§ **INSTRUCTIONS FOR THE TASK**
Omit the pictures, then reproduce every remaining record exactly.

Images for object localization

--

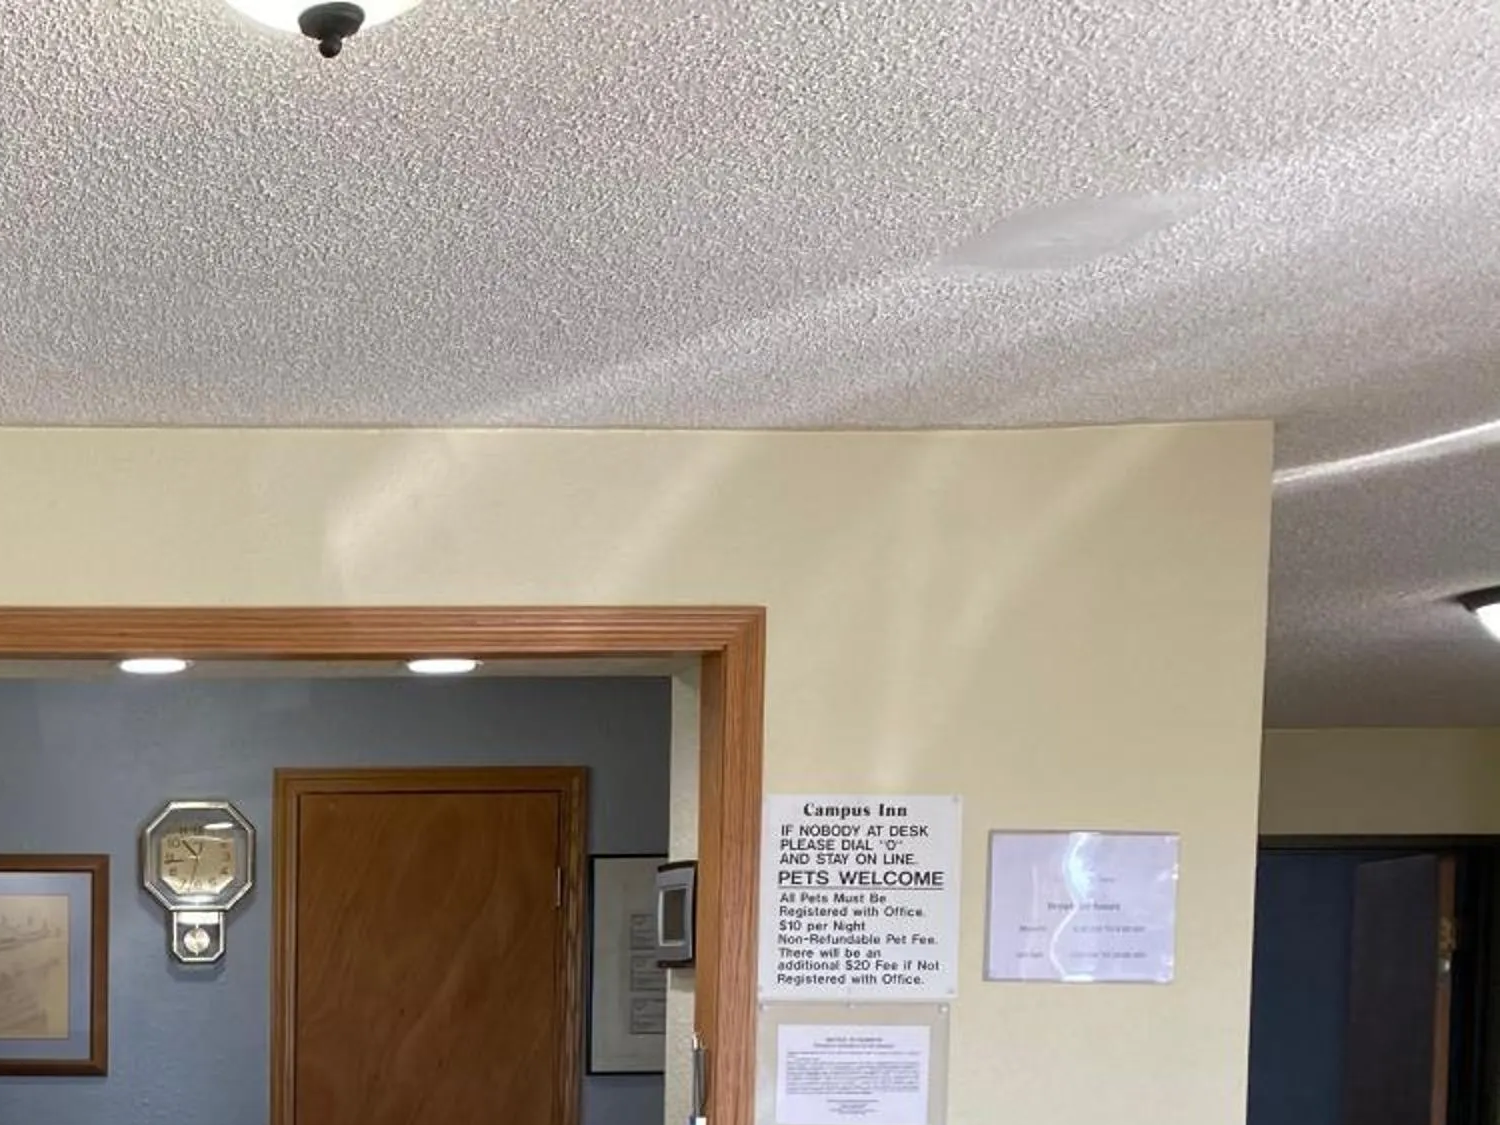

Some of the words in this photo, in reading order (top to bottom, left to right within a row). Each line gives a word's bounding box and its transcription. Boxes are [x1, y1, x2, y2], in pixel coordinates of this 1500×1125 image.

[803, 803, 871, 820] Campus
[878, 803, 908, 817] Inn
[780, 825, 794, 837] IF
[799, 825, 861, 837] NOBODY
[867, 825, 884, 837] AT
[889, 825, 929, 837] DESK
[779, 839, 835, 851] PLEASE
[841, 839, 873, 851] DIAL
[779, 853, 810, 865] AND
[815, 853, 849, 865] STAY
[855, 853, 877, 865] ON
[777, 870, 829, 885] PETS
[838, 871, 945, 886] WELCOME
[779, 893, 797, 903] All
[800, 893, 829, 903] Pets
[833, 893, 865, 904] Must
[869, 893, 887, 904] Be
[778, 906, 848, 919] Registered
[853, 906, 879, 917] with
[778, 920, 802, 931] $10
[807, 922, 828, 933] per
[833, 920, 866, 933] Night
[777, 934, 881, 945] Non-Refundable
[885, 934, 907, 945] Pet
[911, 934, 939, 945] Fee.
[778, 948, 815, 958] There
[819, 948, 839, 958] will
[844, 948, 861, 958] be
[866, 949, 882, 958] an
[844, 960, 871, 971] $20
[875, 960, 899, 971] Fee
[903, 960, 913, 971] if
[917, 960, 940, 971] Not
[777, 974, 846, 987] Registered
[851, 974, 877, 985] with

--

§ **WRITTEN RESPONSE**
Some of the words in this photo, in reading order (top to bottom, left to right within a row). Each line gives a word's bounding box and its transcription. Boxes are [x1, y1, x2, y2], in pixel coordinates of this 1500×1125 image.

[803, 803, 871, 820] Campus
[878, 803, 908, 817] Inn
[780, 825, 794, 837] IF
[799, 825, 861, 837] NOBODY
[867, 825, 884, 837] AT
[889, 825, 929, 837] DESK
[779, 839, 835, 851] PLEASE
[841, 839, 873, 851] DIAL
[779, 853, 810, 865] AND
[815, 853, 849, 865] STAY
[855, 853, 877, 865] ON
[777, 870, 829, 885] PETS
[838, 871, 945, 886] WELCOME
[779, 893, 797, 903] All
[800, 893, 829, 903] Pets
[833, 893, 865, 904] Must
[869, 893, 887, 904] Be
[778, 906, 848, 919] Registered
[853, 906, 879, 917] with
[778, 920, 802, 931] $10
[807, 922, 828, 933] per
[833, 920, 866, 933] Night
[777, 934, 881, 945] Non-Refundable
[885, 934, 907, 945] Pet
[911, 934, 939, 945] Fee.
[778, 948, 815, 958] There
[819, 948, 839, 958] will
[844, 948, 861, 958] be
[866, 949, 882, 958] an
[844, 960, 871, 971] $20
[875, 960, 899, 971] Fee
[903, 960, 913, 971] if
[917, 960, 940, 971] Not
[777, 974, 846, 987] Registered
[851, 974, 877, 985] with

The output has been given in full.